Individuals engaged in certain endeavors cannot deduct their losses if the endeavor is "not engaged in for profit." The presumption of a profit motive can be achieved if the activity shows a profit in three years out of five (two years out of seven for horses). Even with three profitable years the IRS can still take the position that the activity is a hobby. However, the three profitable years create a presumption that the taxpayer has a profit motive unless the Service can prove otherwise.

If the taxpayer's activity does not show a profit in three years out of five, the taxpayer will have to rely on Regs. Sec. 1.183, which sets forth specific factors to be considered in the determination of profit intent. The following factors are to be considered in making the determination of the nature of an activity: * The manner in which the activity is carried on (e.g., if the activity is conducted in a businesslike manner). * The expertise of the taxpayer or his advisers. * The time and effort expended. * The expectation that the assets of the activity will appreciate in value. * The previous success of the taxpayer in the conduct of similar activities. * The history of income or losses from the activity. * The relationship of profits earned to losses incurred. * The financial status of the taxpayer (e.g., the fact that the taxpayer does not have substantial amounts of other income may indicate that the activity is engaged in for profit). * Elements of personal pleasure or recreation in the activity.

Literally interpreted, the general presumption of a profit motive applies only to the third profit year and all years thereafter within a five-year period beginning with the first profit year. Assume, for example, that a taxpayer is confronted with annual profits in 1989 through 1991 and losses in 1987, 1988, 1992 and 1993. The burden of proof rests on the IRS, therefore, for the years 1989 through 1993 to show that the taxpayer did not have a profit motive. The first two years of the operations, however, are not protected under the general presumption by the profit years of 1989 through 1991.

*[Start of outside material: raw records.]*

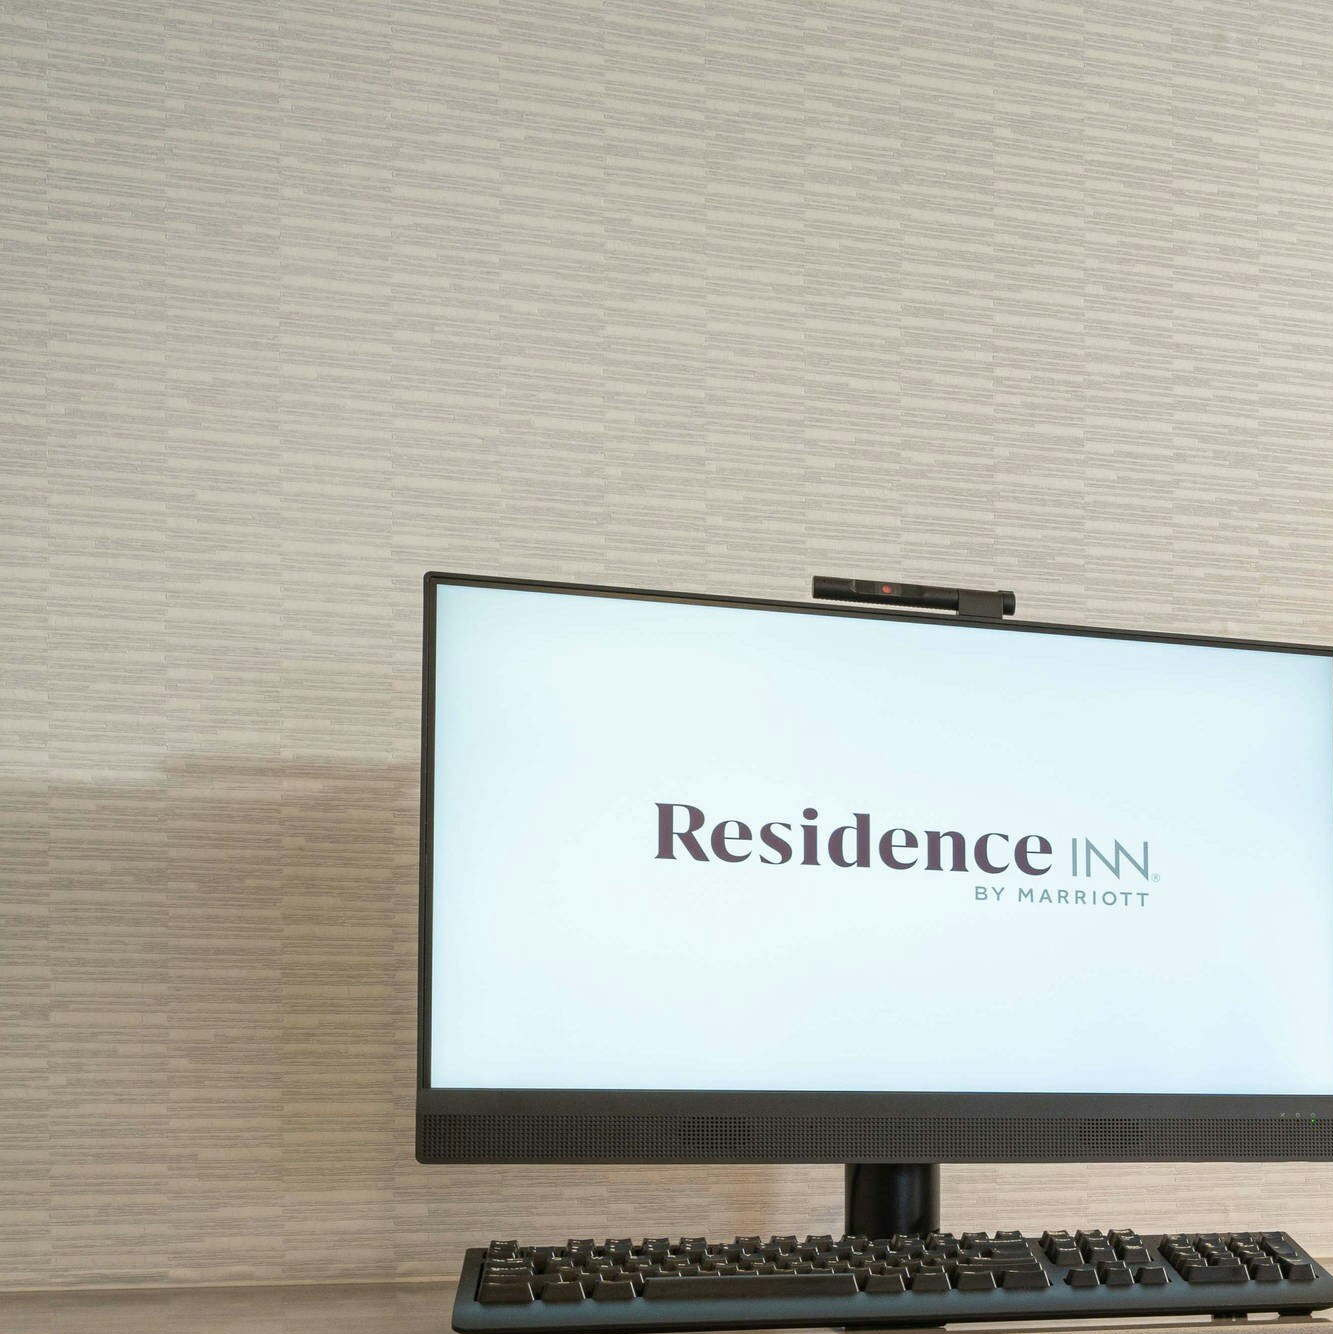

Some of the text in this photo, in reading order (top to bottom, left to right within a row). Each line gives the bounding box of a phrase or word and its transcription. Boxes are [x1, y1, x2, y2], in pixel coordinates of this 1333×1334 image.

[654, 802, 1053, 876] Residence
[974, 886, 1150, 907] BY MARRIOTT
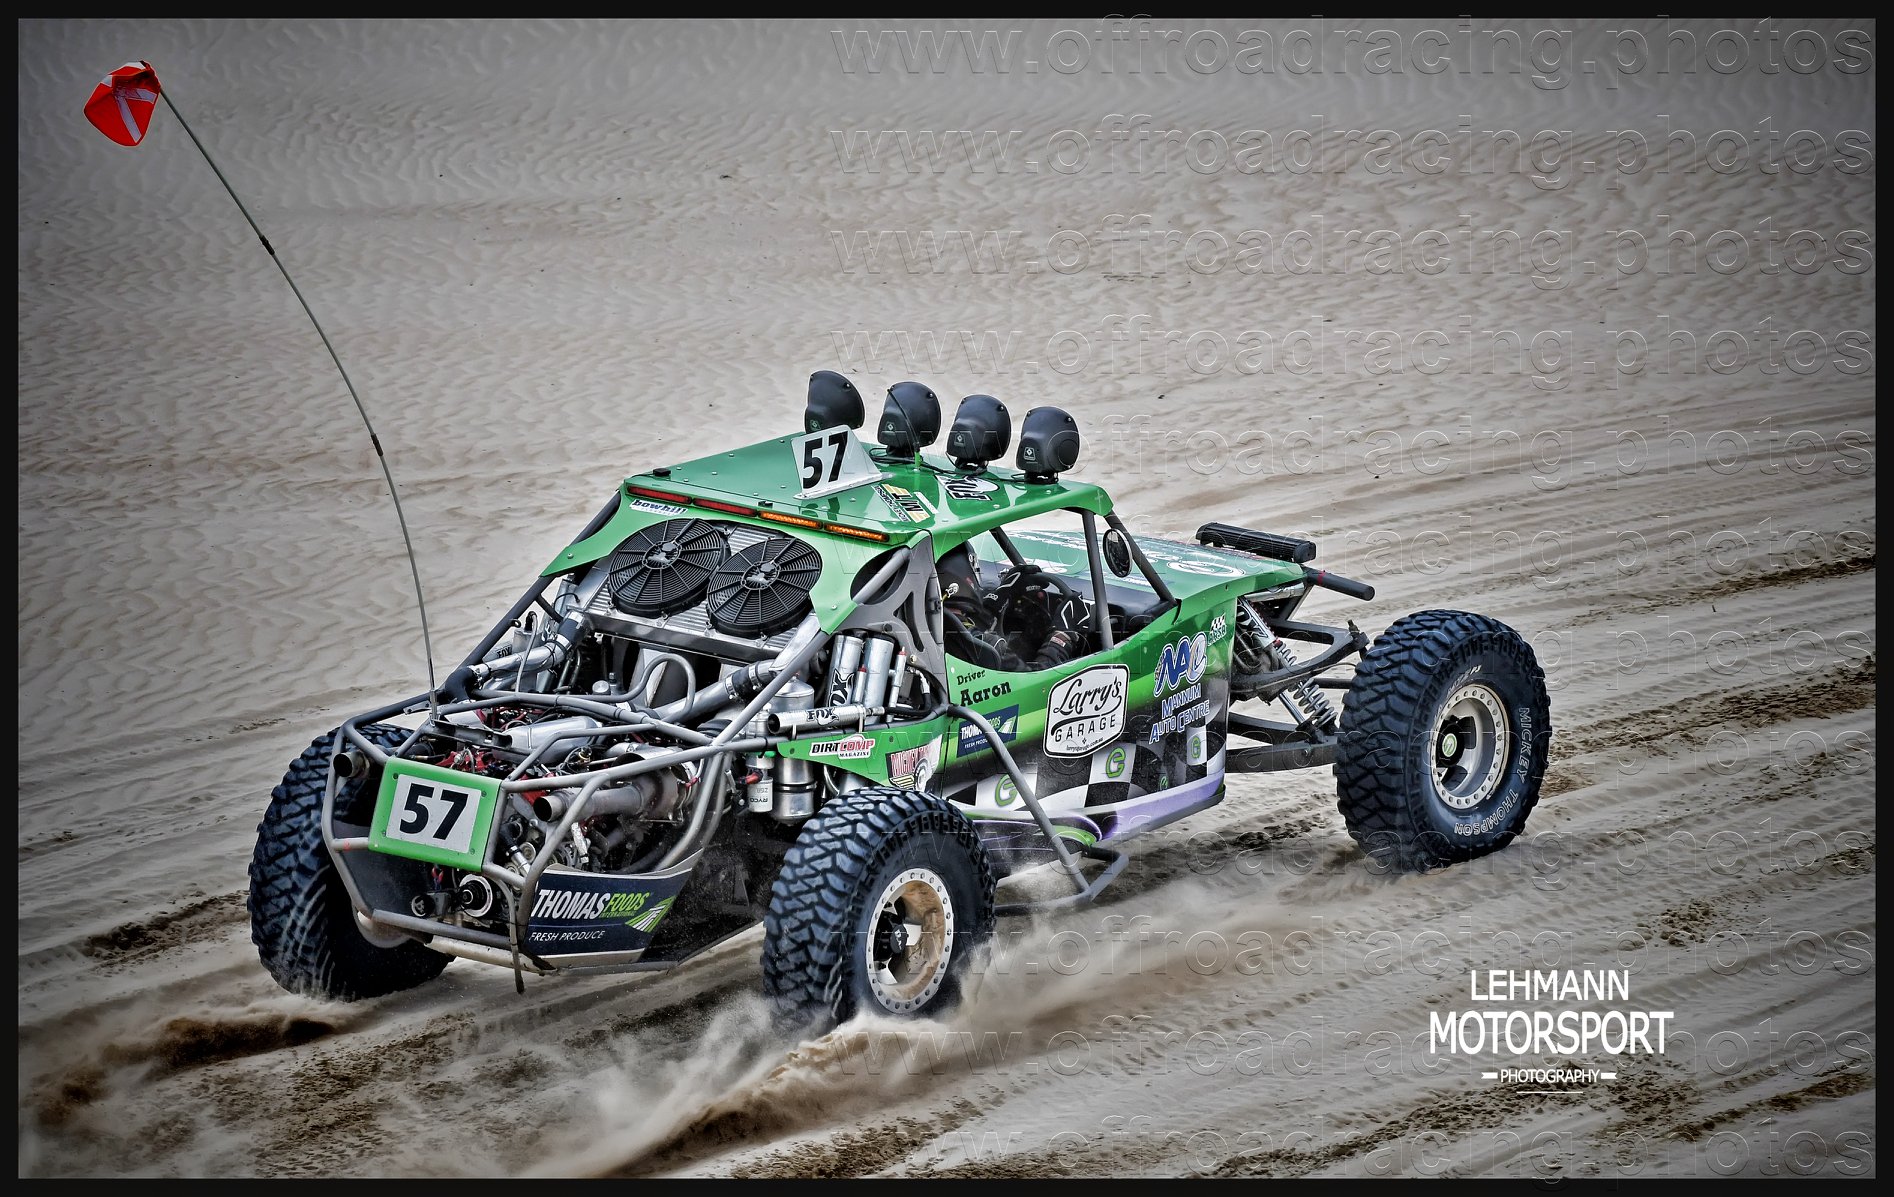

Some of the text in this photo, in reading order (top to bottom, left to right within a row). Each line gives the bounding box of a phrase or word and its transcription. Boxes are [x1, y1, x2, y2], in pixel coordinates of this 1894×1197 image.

[802, 430, 849, 489] 57
[957, 670, 985, 685] Driver
[960, 682, 1012, 706] Aaron
[1053, 676, 1122, 715] Larry's
[806, 707, 836, 720] FOX
[1055, 714, 1116, 742] GARAGE
[1453, 707, 1530, 836] MICKEY THOMPSON
[400, 783, 469, 840] 57
[530, 889, 650, 920] THOMAS FOODS
[528, 930, 605, 941] FRESH PRODUCE

It is possible to combine a special presumption with the general presumption and to shift the burden of proof for the years 1987 and 1988 to the Service by filing Form 5213, Election To Postpone Determination as To Whether the Presumption That an Activity Is Engaged in for Profit Applies. This election can be made only once per venture and is effective for only the first five years of a new operation. The problem with this approach is that the IRS may still disallow the losses from the activity by looking at all the facts and circumstances. This possibility is enhanced by the filing of Form 5213, and this election should usually not be made. Rather, strict adherence to the points listed in Regs. Sec. 1.183 seems to be a less risky approach to protecting losses during the early years of a venture.

Court decisions have considered research by the taxpayer and general knowledge about the activity to be important factors. General involvement on the part of the individuals engaged in the endeavor is quite important and physical involvement has been noted by the Tax Court as favorable on several occasions.

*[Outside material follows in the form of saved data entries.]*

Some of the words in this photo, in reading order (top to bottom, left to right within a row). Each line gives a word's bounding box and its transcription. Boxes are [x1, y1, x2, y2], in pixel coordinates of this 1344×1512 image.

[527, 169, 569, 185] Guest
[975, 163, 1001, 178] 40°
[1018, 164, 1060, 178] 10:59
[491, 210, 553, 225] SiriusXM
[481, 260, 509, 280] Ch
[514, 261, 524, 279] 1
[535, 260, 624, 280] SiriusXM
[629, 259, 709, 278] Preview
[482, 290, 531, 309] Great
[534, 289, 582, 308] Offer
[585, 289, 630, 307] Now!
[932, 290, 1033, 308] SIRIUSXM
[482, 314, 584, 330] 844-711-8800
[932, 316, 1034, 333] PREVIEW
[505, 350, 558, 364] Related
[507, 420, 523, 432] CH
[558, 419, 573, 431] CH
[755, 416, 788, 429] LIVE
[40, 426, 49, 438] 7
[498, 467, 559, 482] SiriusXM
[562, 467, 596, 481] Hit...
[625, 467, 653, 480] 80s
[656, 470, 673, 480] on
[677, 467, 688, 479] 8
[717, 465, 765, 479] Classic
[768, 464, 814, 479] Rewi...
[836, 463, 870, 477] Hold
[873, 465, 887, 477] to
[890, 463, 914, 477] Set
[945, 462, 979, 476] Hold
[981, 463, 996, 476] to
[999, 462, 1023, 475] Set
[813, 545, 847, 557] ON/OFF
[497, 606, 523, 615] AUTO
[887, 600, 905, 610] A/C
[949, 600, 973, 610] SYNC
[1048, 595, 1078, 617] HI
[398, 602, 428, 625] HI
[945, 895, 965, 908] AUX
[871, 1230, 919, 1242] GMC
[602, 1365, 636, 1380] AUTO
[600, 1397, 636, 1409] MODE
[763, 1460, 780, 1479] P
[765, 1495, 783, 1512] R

The regulations specifically state that profit intent is influenced by the amount of profit and losses. An occasional small profit, such as three out of five years, may not be sufficient to deter the Service's scrutiny if large loss years are present.

The commingling of the taxpayer's personal checking account with the taxpayer's business affairs is an avenue to trouble. Courts take this as an indication that the taxpayer did not conduct the activity in a business-like fashion.

Application of the hobby expense rule

Novices in the entrepreneurial area often believe that no deductions can be taken if the activity is not a business. Hobby expenses are deductible, but only to the extent of income derived from such activities. An activity that is classified as a hobby does not generate a tax loss that can be used to offset other taxable income. The tax rules further penalize the taxpayer by providing that expenses must be deductible in the following order. 1. Expenses of the activity that would otherwise be deductible as itemized deductions. 2. Activity expenses that would be deductible if the activity was a business but do not affect the basis of property. 3. Activity expenses such as depreciation that affect the basis of property.

Most importantly, however, the second and third tier activity expenses are miscellaneous itemized deductions deductible only to the extent they exceed 2% of adjusted gross income (AGI). See the example above.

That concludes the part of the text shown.